- **Task goal**
Restate each record word for word, omitting whatever pictures it holds.

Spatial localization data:
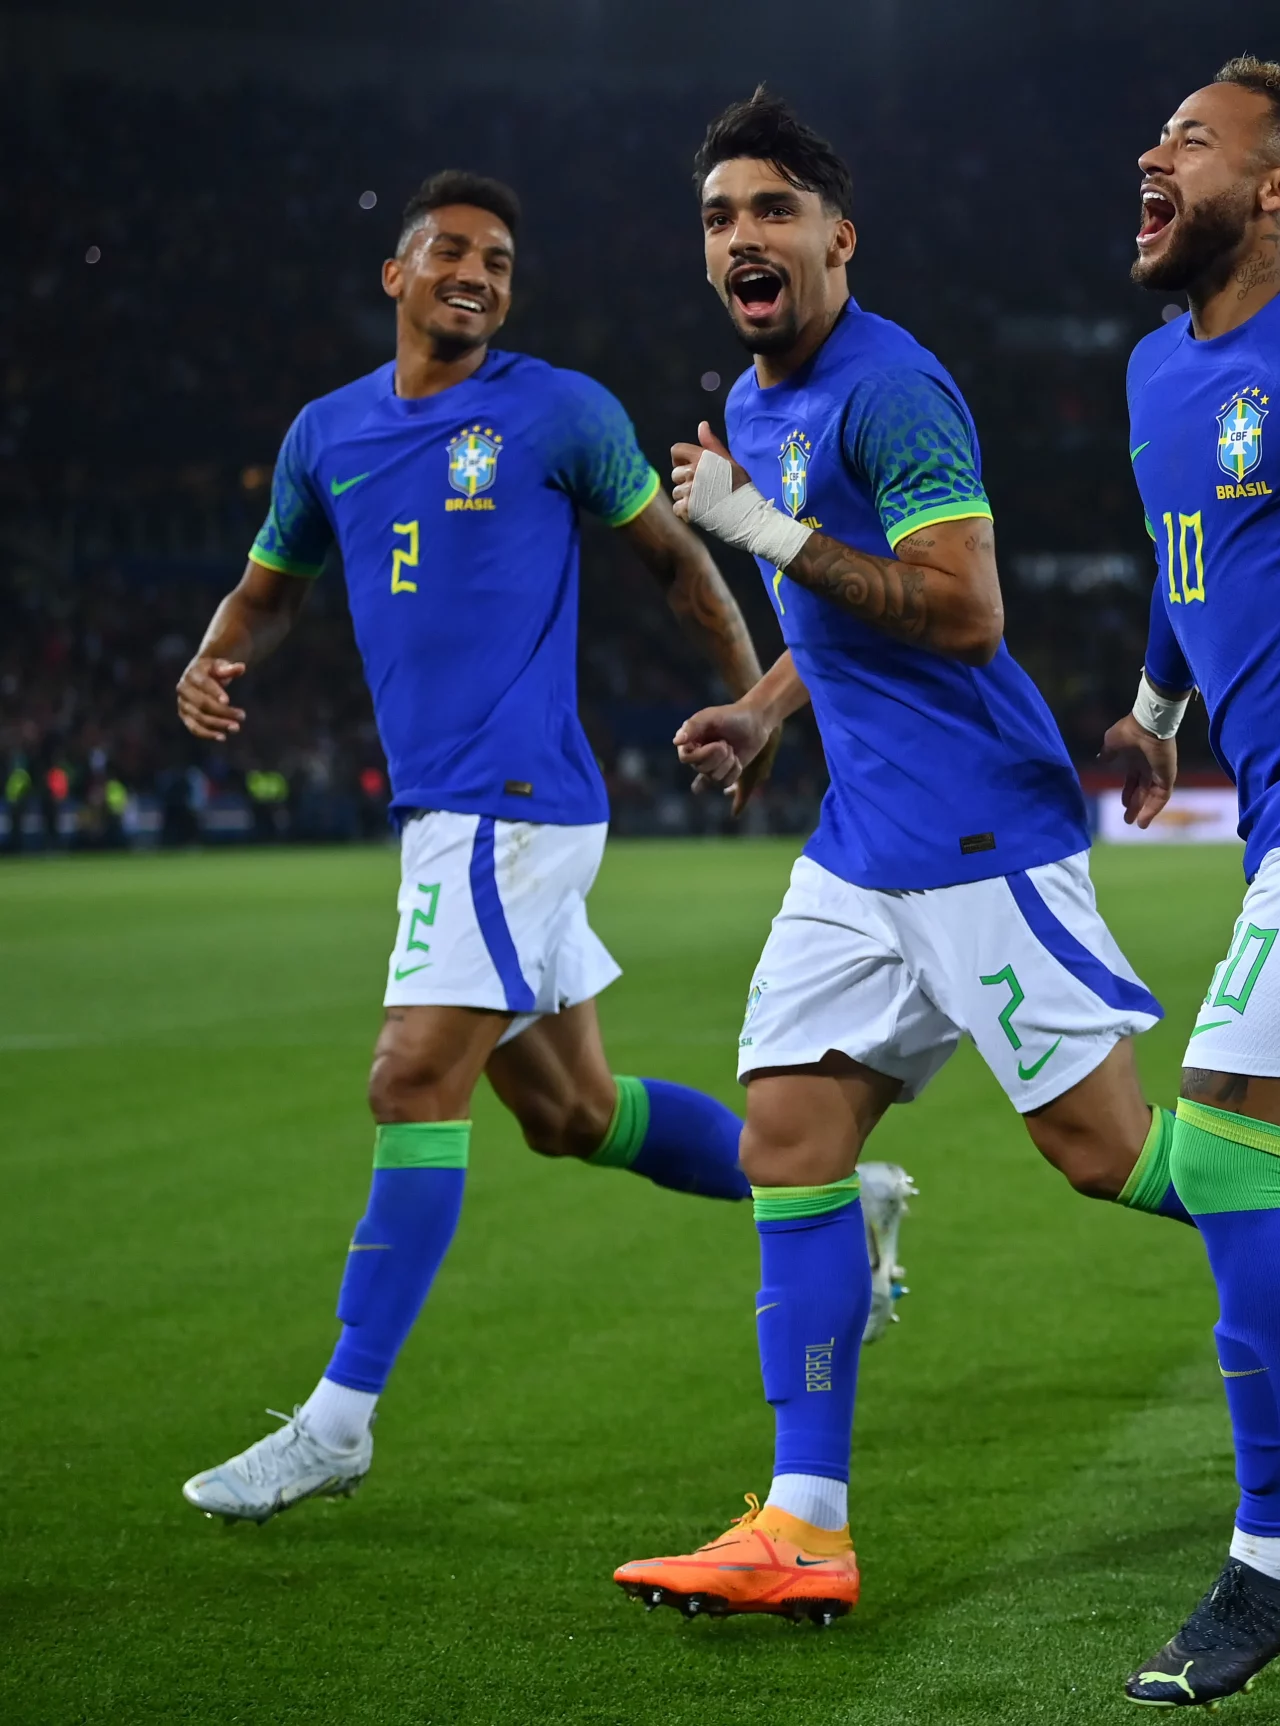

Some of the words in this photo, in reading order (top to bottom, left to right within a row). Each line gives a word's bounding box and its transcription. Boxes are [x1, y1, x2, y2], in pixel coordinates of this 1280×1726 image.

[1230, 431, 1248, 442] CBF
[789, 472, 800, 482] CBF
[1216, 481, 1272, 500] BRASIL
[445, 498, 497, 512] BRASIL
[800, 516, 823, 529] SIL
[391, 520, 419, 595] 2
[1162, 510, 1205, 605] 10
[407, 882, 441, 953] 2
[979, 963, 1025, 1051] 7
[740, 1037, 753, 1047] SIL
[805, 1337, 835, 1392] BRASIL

- **Result**
Some of the words in this photo, in reading order (top to bottom, left to right within a row). Each line gives a word's bounding box and its transcription. Boxes are [x1, y1, x2, y2], in pixel coordinates of this 1280×1726 image.

[1230, 431, 1248, 442] CBF
[789, 472, 800, 482] CBF
[1216, 481, 1272, 500] BRASIL
[445, 498, 497, 512] BRASIL
[800, 516, 823, 529] SIL
[391, 520, 419, 595] 2
[1162, 510, 1205, 605] 10
[407, 882, 441, 953] 2
[979, 963, 1025, 1051] 7
[740, 1037, 753, 1047] SIL
[805, 1337, 835, 1392] BRASIL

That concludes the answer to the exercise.